What began as a huge TV gamble -- resurrecting the name and premise of a
cheeseball 1970s Star Wars ripoff and giving it a gritty, politically aware edge
-- has paid off with mainstream recognition, a ferociously devoted fanbase and
significant fame for its stars.
Fame that includes a recent GQ magazine photo shoot featuring Sackhoff, Park and
Canadian former supermodel Tricia Helfer (who plays smokin' hot Cylon Number
Six) posing on motorcycles. In leather chaps. And bikinis.
"You get close. Literally," said Park, turning to coo at Sackhoff: "Your skin is
so soft."
"Grace is laying on my back and Tricia's ass is my face," recalled Sackhoff.
Fans, enjoy the mental image. GQ, enjoy the readership spike.
Between talk of how the writers' strike had some fearing Battlestar wouldn't
come back ("We were drinking Irish whiskey at 9:30 a.m. on the last day because
we pretty much thought it was the end," said Park) and a wild tangent about
Sackhoff's brother biting the head off a crab that attacked him ("Do you think
that crab was like, 'What the f---! Normally I go in the pot first!' "), we
revisit the inevitable question: Why does political and religious commentary
like Battlestar's have to be cloaked in a shield of sci-fi?

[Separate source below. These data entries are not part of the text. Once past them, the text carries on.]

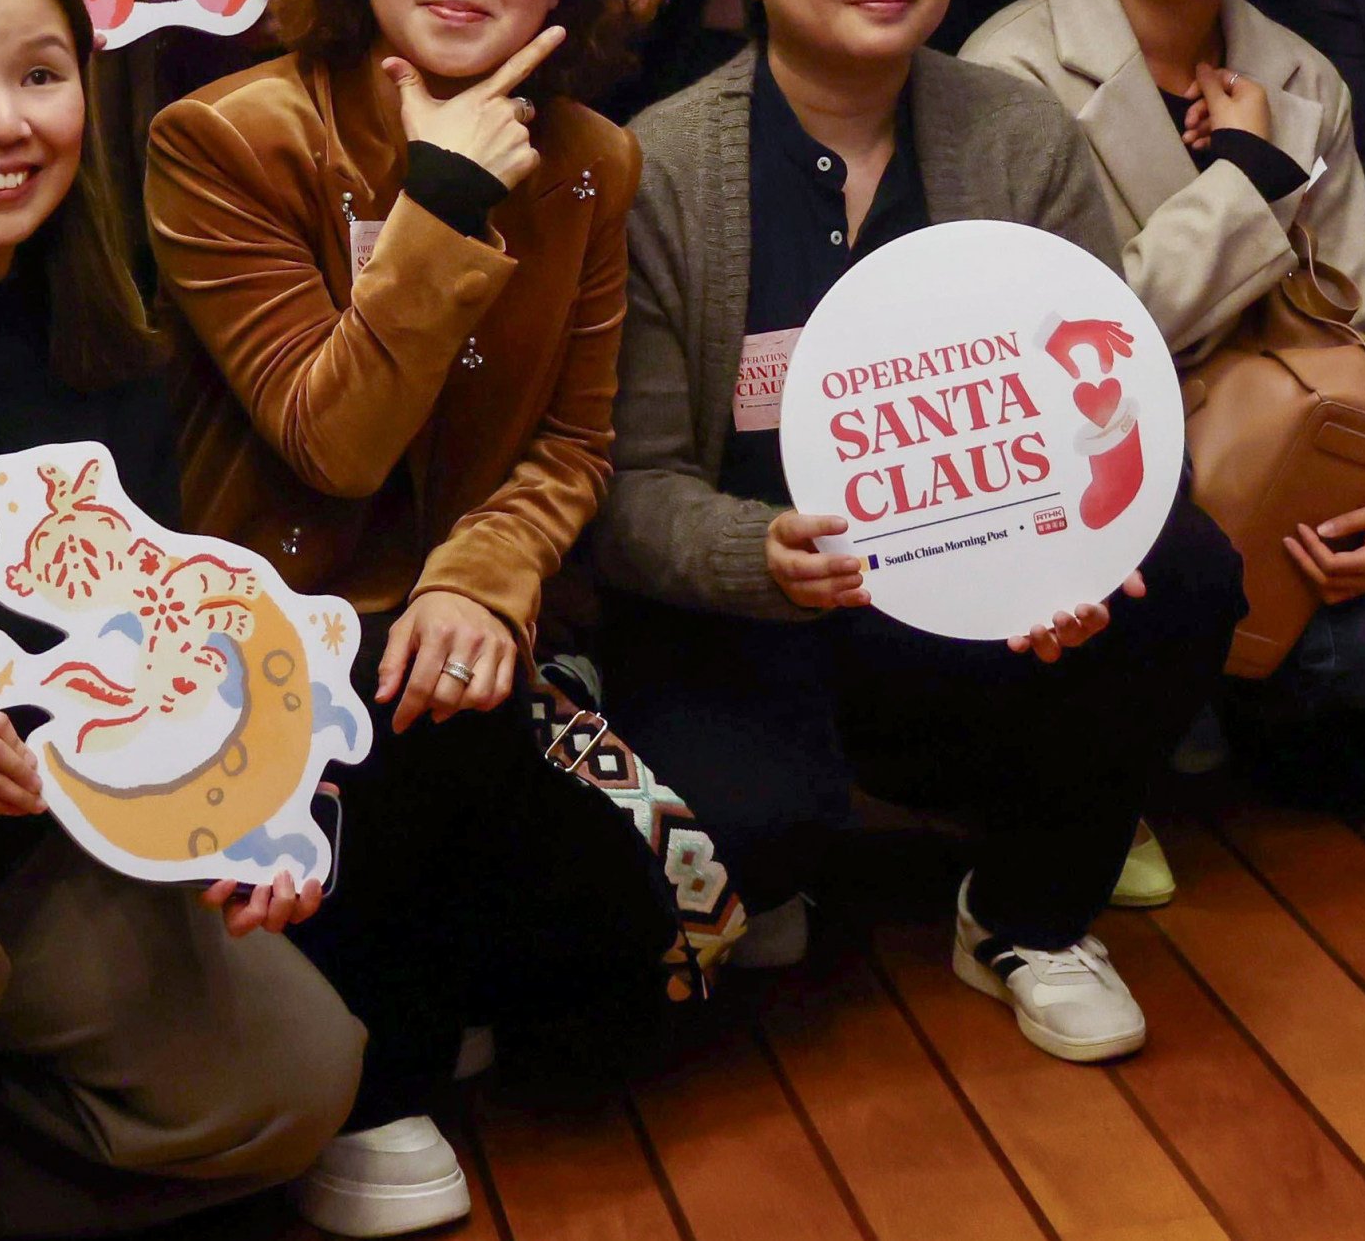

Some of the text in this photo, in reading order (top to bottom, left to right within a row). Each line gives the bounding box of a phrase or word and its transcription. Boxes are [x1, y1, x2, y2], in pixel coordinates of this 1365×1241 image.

[741, 352, 788, 364] PERATION
[821, 331, 1021, 400] OPERATION
[736, 379, 785, 397] CLAU
[829, 372, 1041, 463] SANTA
[844, 431, 1052, 523] CLAUS
[1036, 510, 1062, 522] RTHK
[885, 528, 1008, 566] South China Morning Post

"It allows people a sense of comfort, to be talking about heavy issues but in
the back of their minds to be able to dismiss their emotion toward the issue as
science fiction," said Sackhoff.
"Everyone talks about it, but not addressing it directly," said Park. "And being
able to do it in green flight suits and jetting off into space and FTL drives
makes it that much easier.
"If someone gets their back up too much, someone else says, 'Look, it's called
Battlestar Galactica.' "
It's not all metaphysics and Iraq war pokes, of course. But fans tuning in
tomorrow night to discover what's up with Starbuck's miraculous return, find out
whether or not the fleet will locate Earth and learn the identity of the final
Cylon are going to have to wait awhile.
Sackhoff and Park, who were shooting Episode 14 of 20 at the time of our talk,
said even they don't know the answers yet. They will come, though. All in good
time.
"I think there's a tremendous freedom in what (the show's creators) want to say,
but they know that they need to wrap it up, and they've got a lot of loose ends
that need to be tied up," Sackhoff said.
"There's no way that we're going to be disappointed."
The last Cylon? Even the writers might not know
It is this TV season's "Who shot J.R.?" or "Which Simpsons character is gay?"

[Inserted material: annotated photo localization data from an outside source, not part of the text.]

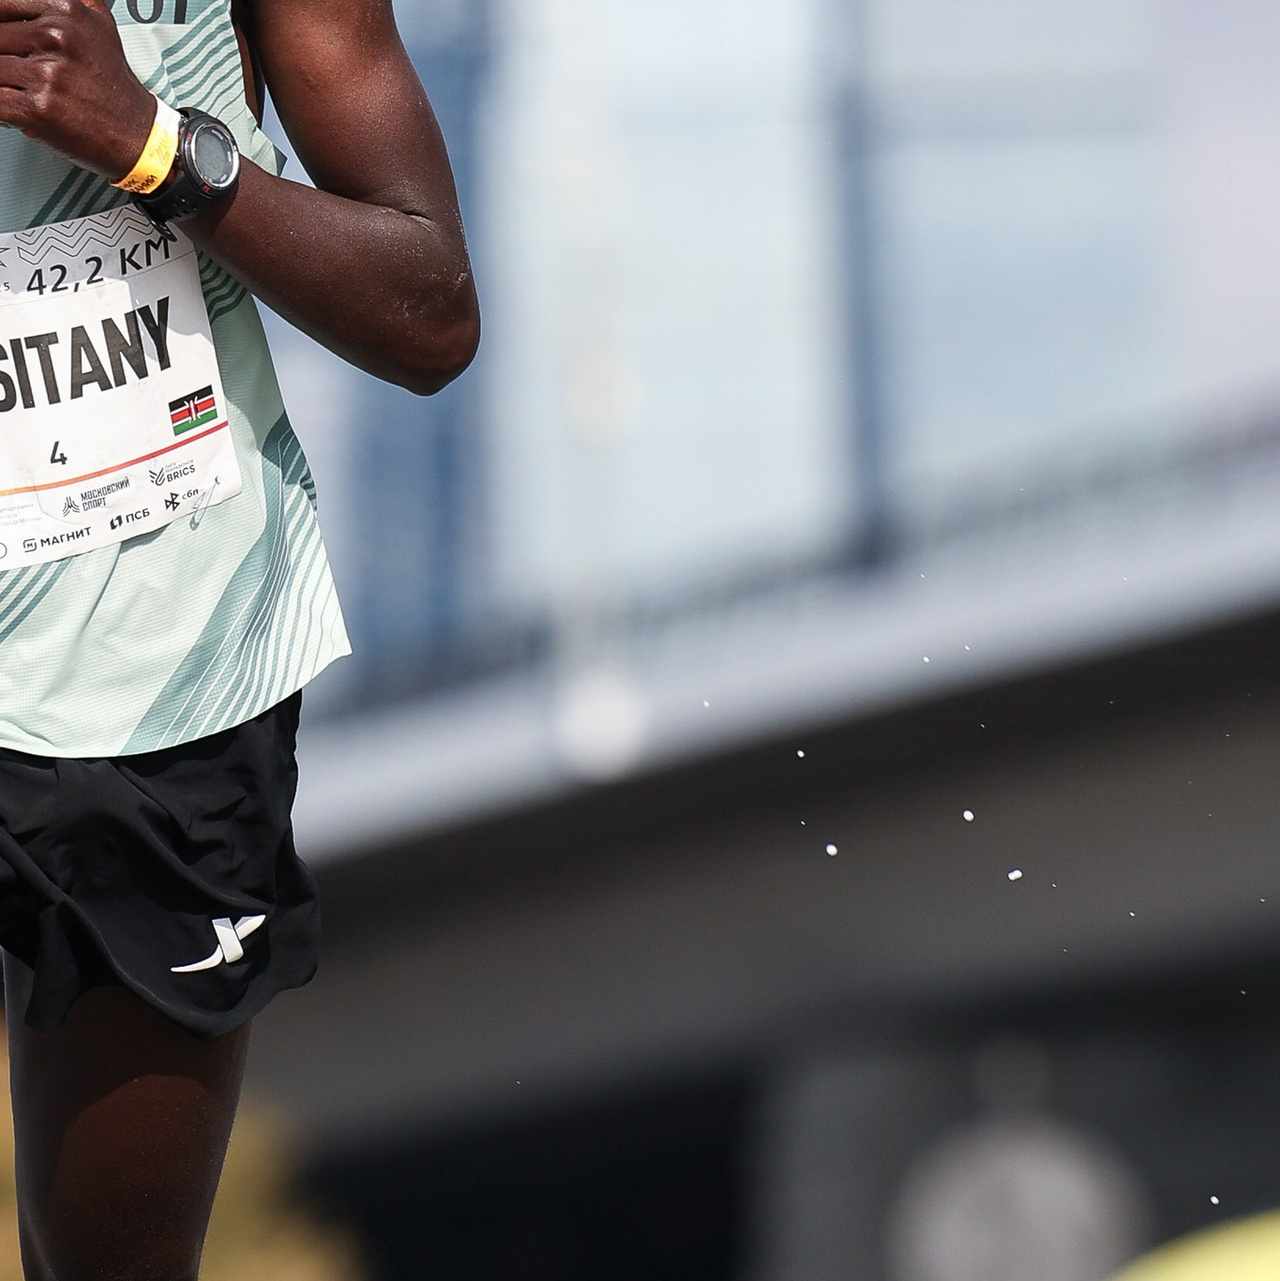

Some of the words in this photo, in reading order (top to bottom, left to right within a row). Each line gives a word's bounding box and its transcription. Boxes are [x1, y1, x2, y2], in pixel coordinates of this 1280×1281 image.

[26, 256, 104, 295] 42,2
[50, 441, 68, 466] 4
[166, 464, 196, 483] BRICS
[80, 476, 131, 502] МОСКОВСКИЙ
[82, 497, 107, 512] СПОРТ
[125, 508, 151, 524] ПСБ
[40, 526, 92, 548] МАГНИТ
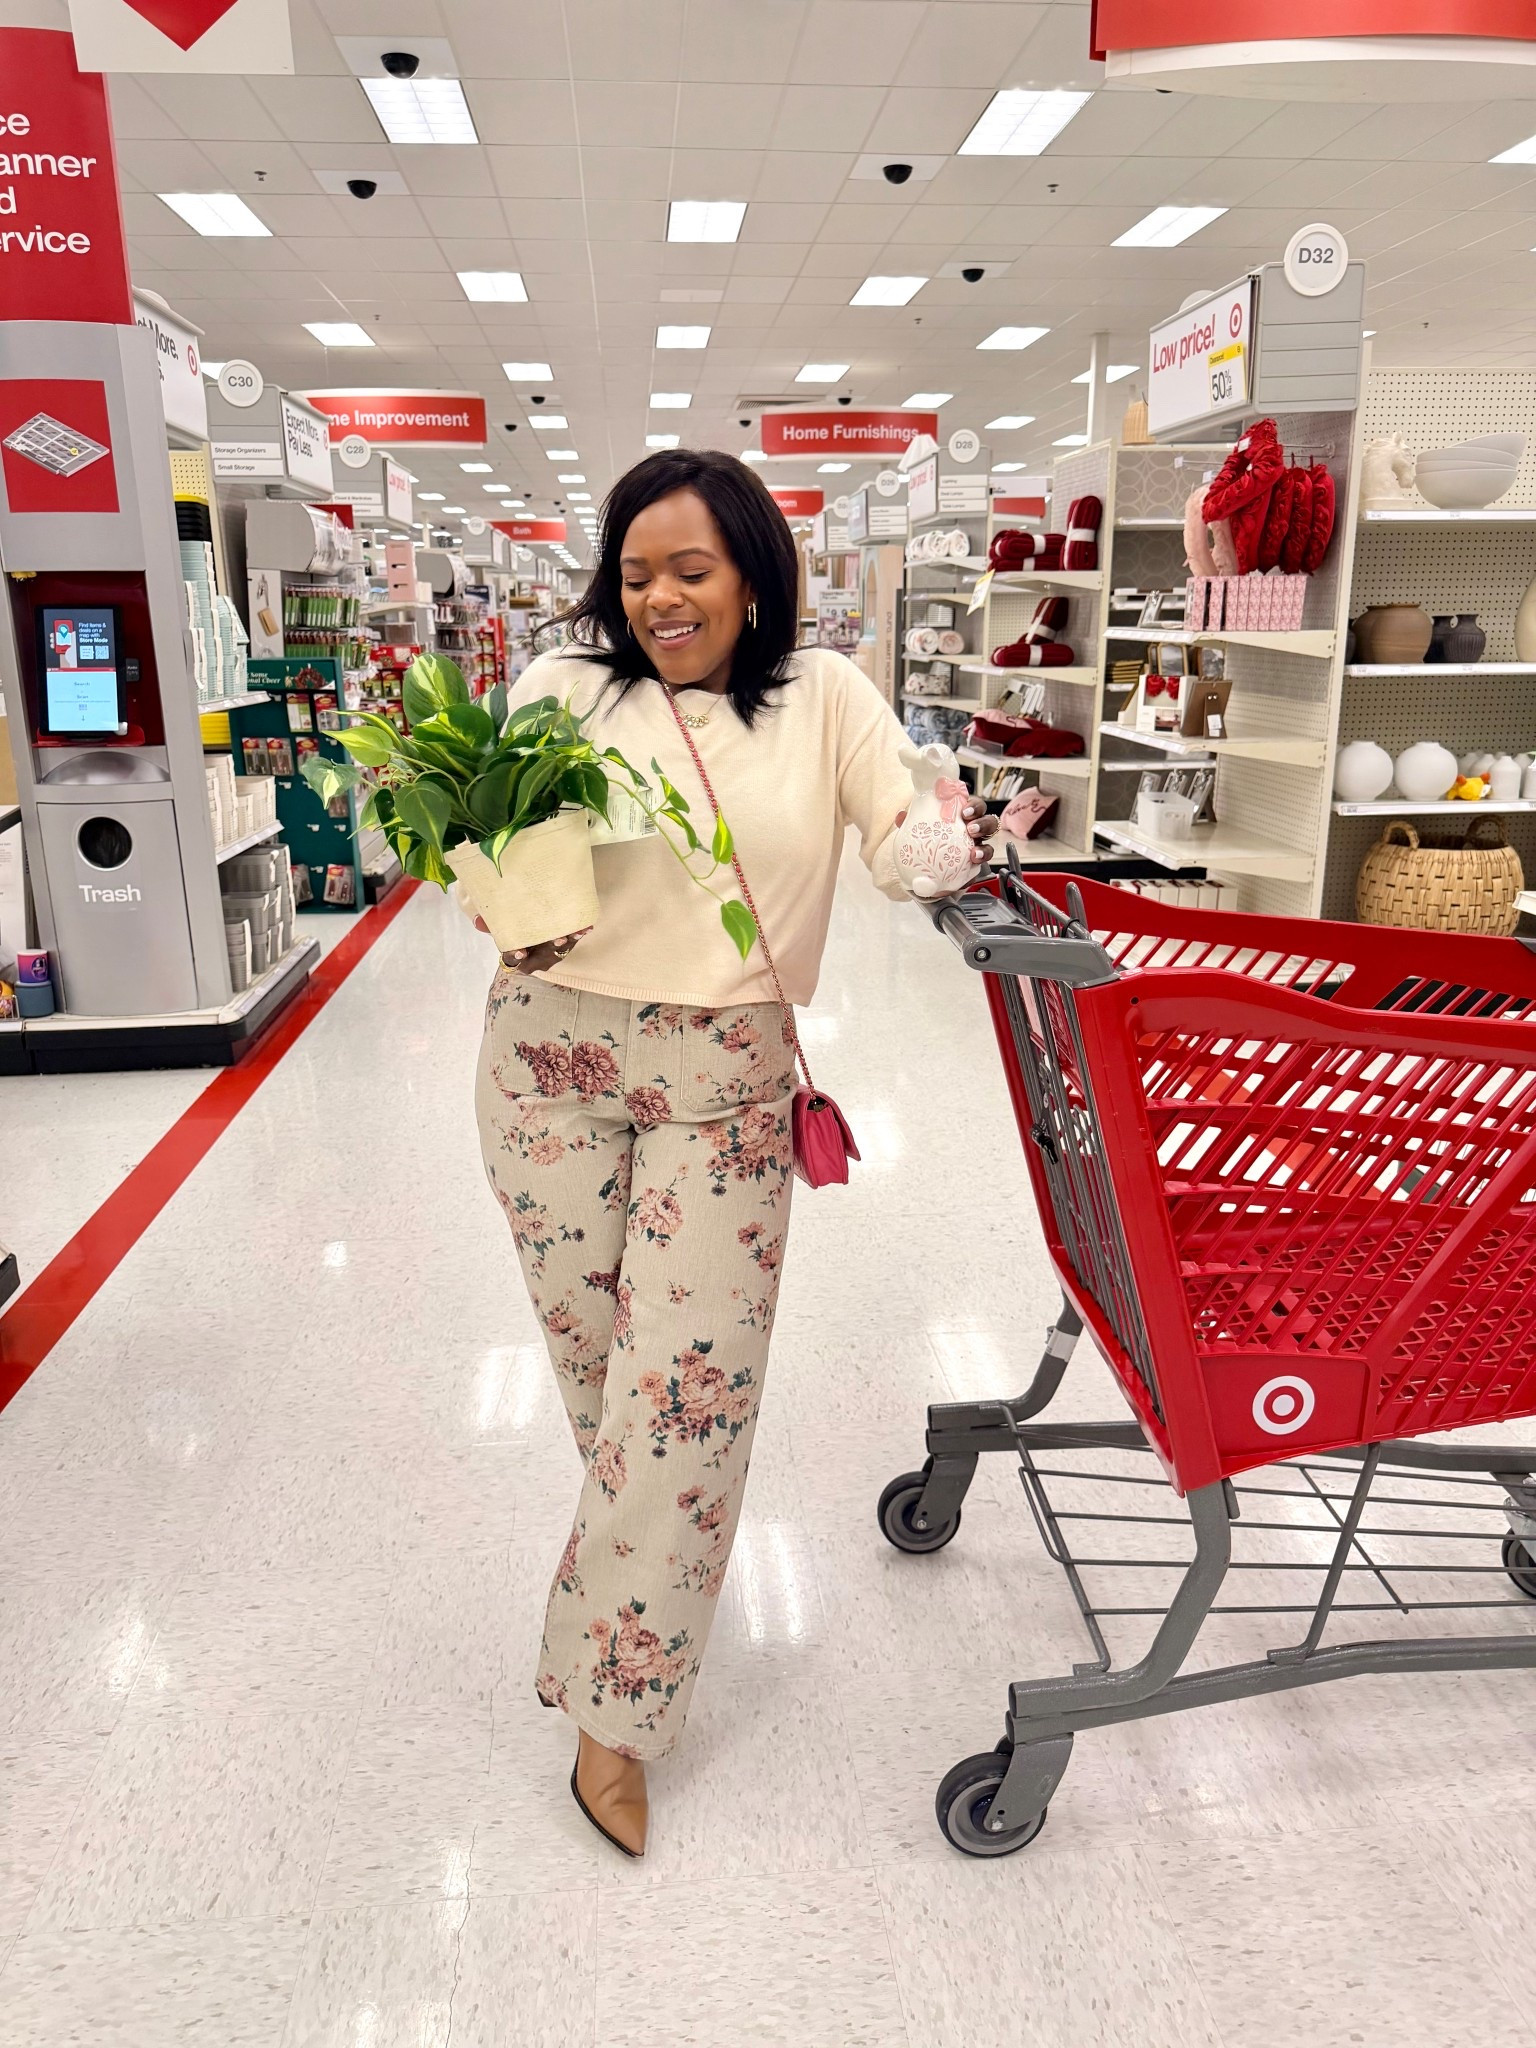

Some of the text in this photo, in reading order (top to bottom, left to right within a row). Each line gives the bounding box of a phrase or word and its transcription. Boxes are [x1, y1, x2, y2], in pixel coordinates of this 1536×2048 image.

[1298, 247, 1335, 264] D32
[1153, 314, 1216, 374] Low price!
[228, 376, 253, 387] C30
[286, 407, 305, 435] Expect
[354, 410, 470, 429] Improvement
[288, 429, 299, 456] Pay
[782, 424, 919, 443] Home Furnishings
[345, 445, 364, 454] C28
[78, 884, 142, 902] Trash

Who is the last, yet-to-be-revealed Cylon in the Battlestar Galactica universe?
Of the 12 models of androids who've infiltrated human society, seven were
identified over the first two seasons, and another four in Season 3's shocking
finale, including crusty Col. Tigh and goodhearted Chief Tyrol.
But who is the final Cylon? Is it Admiral William Adama? President Laura Roslin?

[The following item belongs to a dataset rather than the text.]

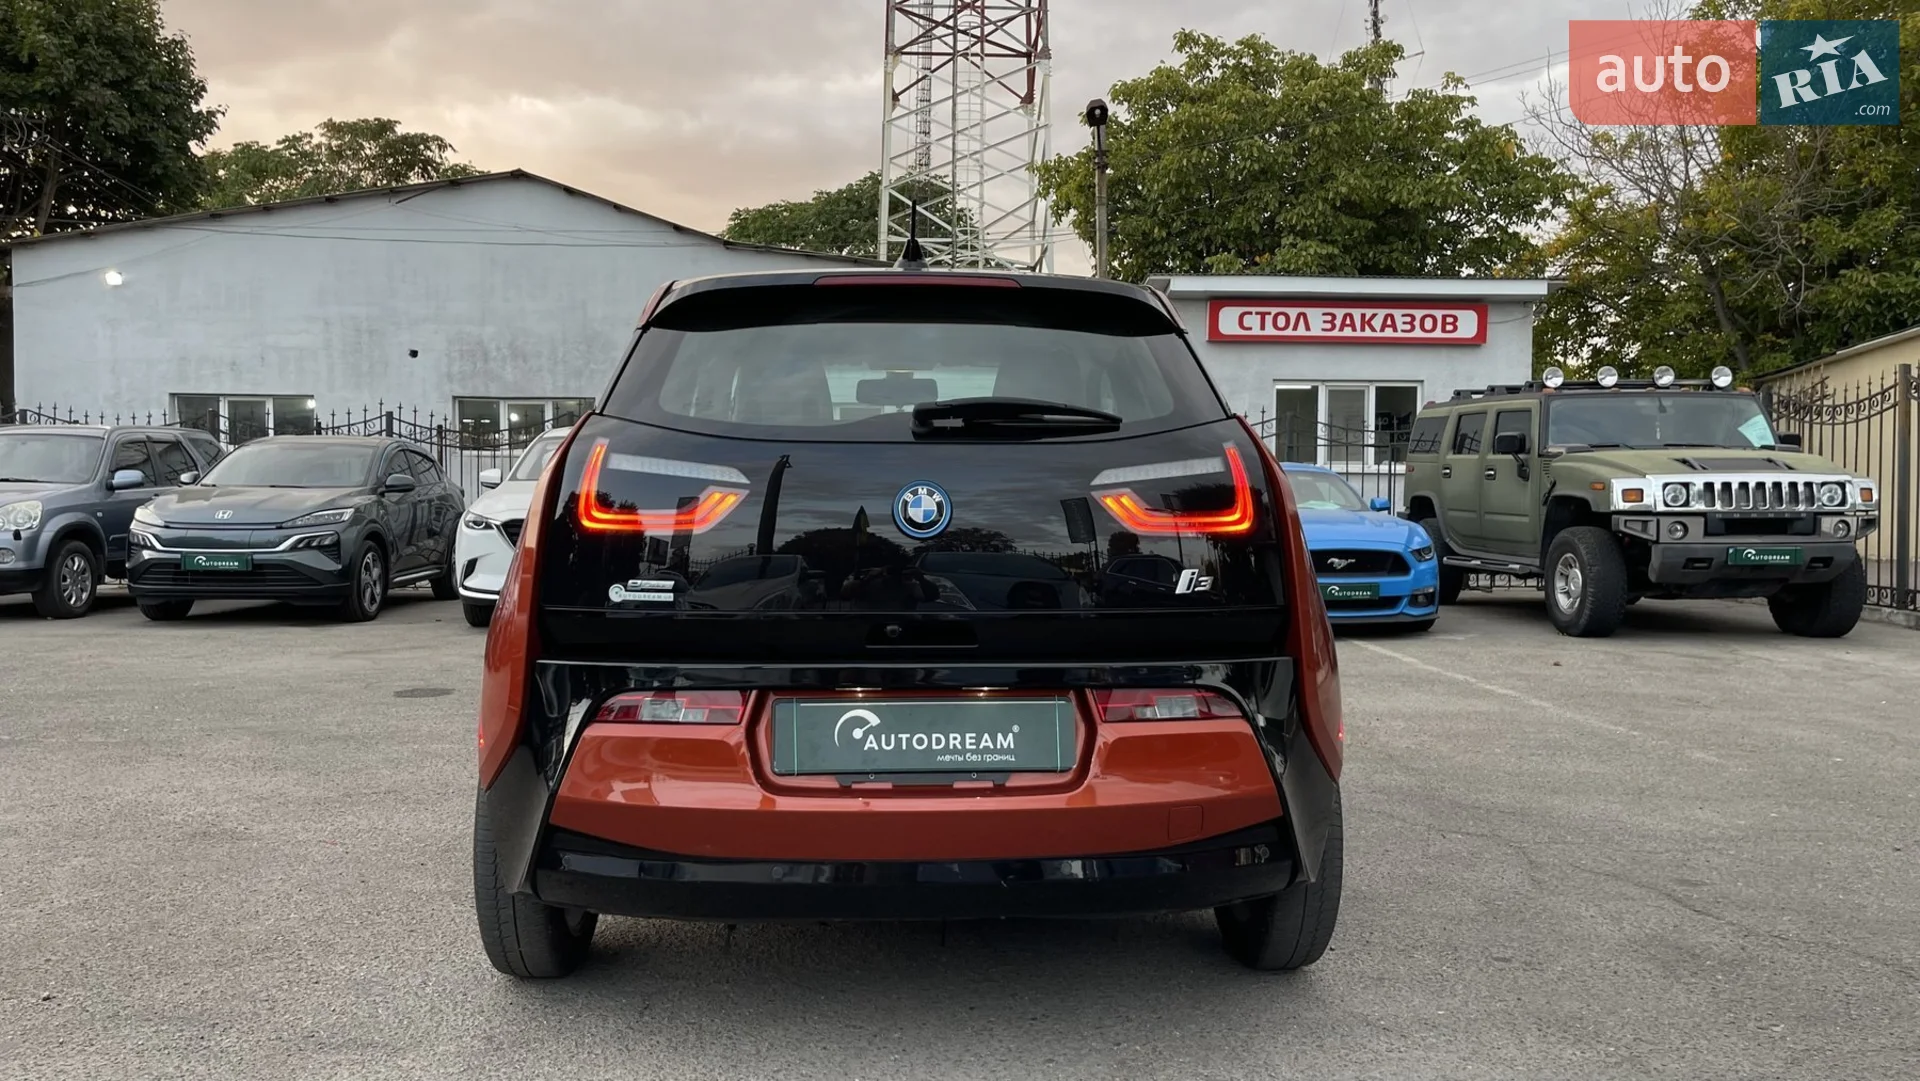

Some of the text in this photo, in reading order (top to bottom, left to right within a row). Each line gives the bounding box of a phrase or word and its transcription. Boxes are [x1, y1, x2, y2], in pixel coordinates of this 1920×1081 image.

[1237, 310, 1459, 334] СТОЛ ЗАКАЗОВ
[904, 487, 943, 502] BMW
[1175, 569, 1214, 594] i3
[937, 752, 1016, 763] мечты без границ

Apollo? Starbuck? Baltar? Some Viper pilot who has only been half-glimpsed in a
couple of episodes?
Forget about prying the secret out of series stars Katee Sackhoff and Grace
Park, though. They can't even agree with each other about who it is.
"We're already fighting about it," Park said. "She (Sackhoff) thinks she knows,
and I think it's not true."
"Oh, I think it's not true, too," Sackhoff countered. "But I know. We all know.
You think it's not real, I think it's real but they're going to have to change
their minds."
Whoa, whoa, whoa! Hang on a second. Change their minds? About one of the series'
biggest surprises?
"I think they're going to have to just pick a person out of thin air when we get
to that episode, and make it make sense, or everyone's going to find out,"
Sackhoff said.
Plugging ears now! Don't want to hear that something so significant to the
Galactica story arc could be decided on a whim at a writers meeting!
"It's not that casual, and you want to believe that something so great was
contrived, that they meant to do it," Sackhoff said. "But I think that sometimes
the things that are so great in life are by accident."